The company also faces stiff local competition in the form of its erstwhile partner, state lender Sberbank PJSC, which has aggressively shift toward Big Tech by joining forces with  Yandex rival Mail.ru and rebranding itself Sber. 

Yandex’s rise has been remarkable. Founded in the 1990s, Russia’s technology powerhouse has expanded dramatically in the past few years. One of few search engines to dominate its home market ahead of Google,  it combined with ride-hailing rival Uber Technologies Inc.’s  local arm in 2017, taking a majority stake in their tie-up. It then added a string of other businesses and now stretches into everything from education to groceries — even if the search and portal segment still makes up the bulk of revenues. 

The well-flagged move into finance with a tilt at challenger bank Tinkoff has been cheered as a logical step after Yandex’s split with Sberbank. Billionaire Arkady Volozh’s outfit wanted control, so it makes sense to use some of the cash on its balance sheet to buy a profitable lender, rather than build one, even a reasonably pricey one at roughly four times book value. Investors initially added some $2.6 billion to the combined value of the two sides’ shares — an optimistic view of future revenue benefits given a formal and detailed offer hasn’t been made yet.
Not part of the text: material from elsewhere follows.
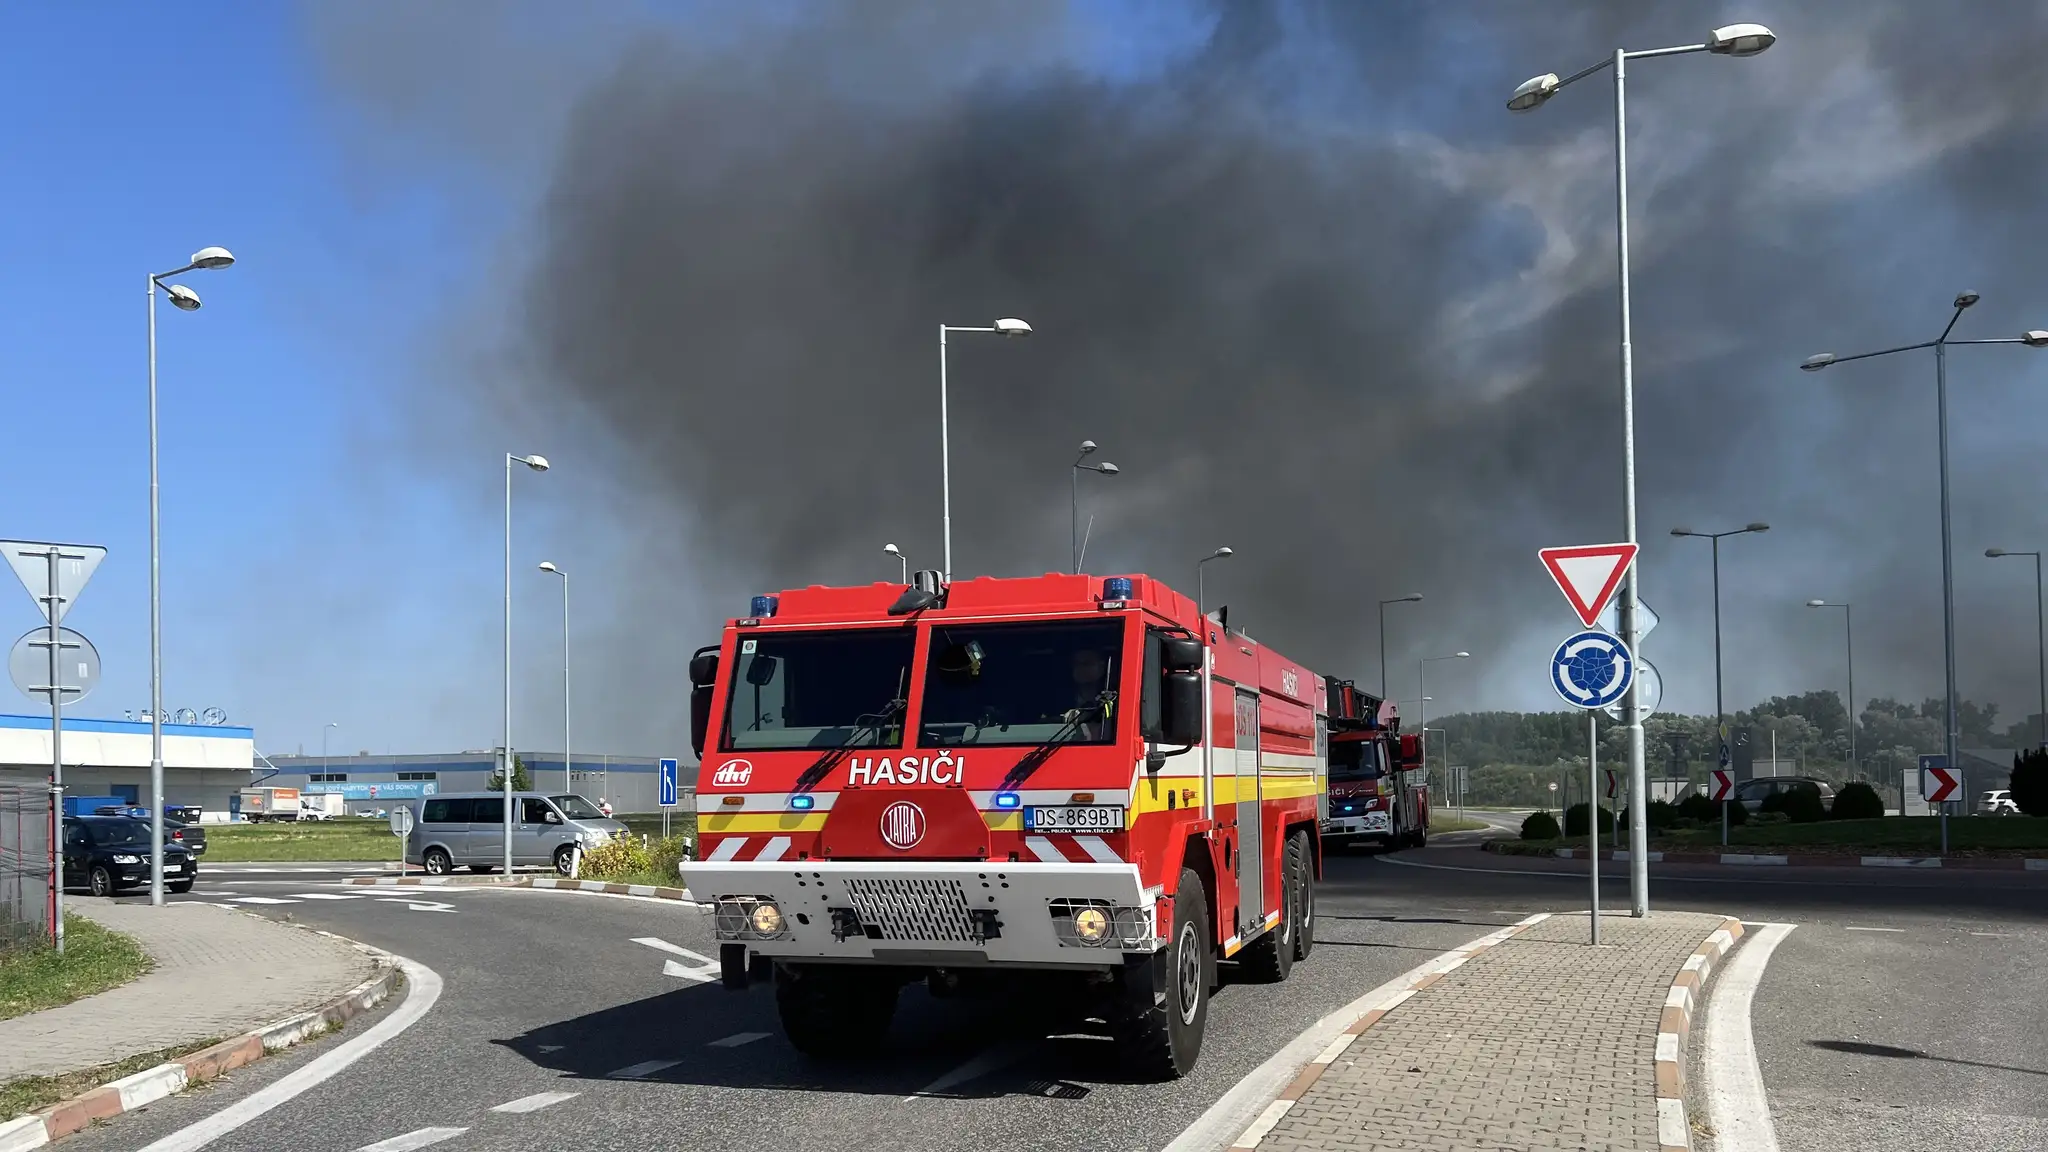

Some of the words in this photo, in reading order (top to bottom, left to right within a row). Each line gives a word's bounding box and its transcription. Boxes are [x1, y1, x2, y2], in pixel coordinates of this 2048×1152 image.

[848, 750, 965, 785] HASIČI
[888, 805, 917, 845] TATRA
[1035, 808, 1120, 826] DS-869BT
On paper, the attraction is clear. Growth in online advertising and ride-hailing will cool. A deal with Tinkoff parent TCS Group Holding Plc plugs the fintech hole, while allowing Yandex to leverage the outfit’s consumer credit and small business focus to drive its e-commerce business, making the most of shopping habits transformed by a pandemic. Tinkoff has about 13% of the credit card market and 8% of the retail loan market in Russia, according to analysts at Citigroup Inc. In turn, the bank can cut marketing and other costs linked to bringing new customers on board — currently about a third of operating expenses.

In Asia, payments and financial services are key for would-be superapps like Southeast Asia’s Grab and Go-Jek, Tencent Holdings Ltd.’s WeChat and even Korean messenger app Kakao, which has had success with Kakao Bank. Still, by adding one of the world’s largest digital banks to its stable, Yandex arguably goes further than all of them, testing the limits of the superapp model.

Next, Yandex has to successfully manage the growing pains that come with that in Vladimir Putin’s Russia.

With its rejig last year, Volozh nimbly circumvented a law that would have limited foreign ownership, and Yandex’s public service during the pandemic will help. But concerns over sovereignty and internet data are not going away, especially given Russia’s increasingly prickly relations with the West. That may complicate any efforts to list its ride-hailing arm, part-owned by Uber. Cyber sovereignty will certainly limit expansion abroad if China’s tech experience abroad is anything to go by.

At home, Yandex is already walking a fine line between netizens and a heavy-handed Kremlin, with virtual protests held using its maps and navigation apps during lockdown as an example. The company later said it removes messages not related to road conditions. And that’s all before adding in the extra scrutiny that bank owners can expect.

There’s extra competition too as Chinese taxi giant Didi Chuxing motors into Russia.  Even pesky competitors can be costly — ask Uber.

Finally, there’s the risk that a move-fast-and-add-businesses mantra turns Yandex into something more akin to Japan’s jumbled Rakuten, rather than Google or Tencent, with a conglomerate discount to match. Fintech makes sense, but does music streaming? Can Yandex create value developing shows for its streaming video platform? As importantly, can its management team stretch across its various early-stage businesses, a growing online shopping operation and more, while folding in a bank?

Yandex has plenty of ambition. It will need to prove that the financial benefits match.

This column does not necessarily reflect the opinion of the editorial board or Bloomberg LP and its owners.

Clara Ferreira Marques is a Bloomberg Opinion columnist covering commodities and environmental, social and governance issues. Previously, she was an associate editor for Reuters Breakingviews, and editor and correspondent for Reuters in Singapore, India, the U.K., Italy and Russia.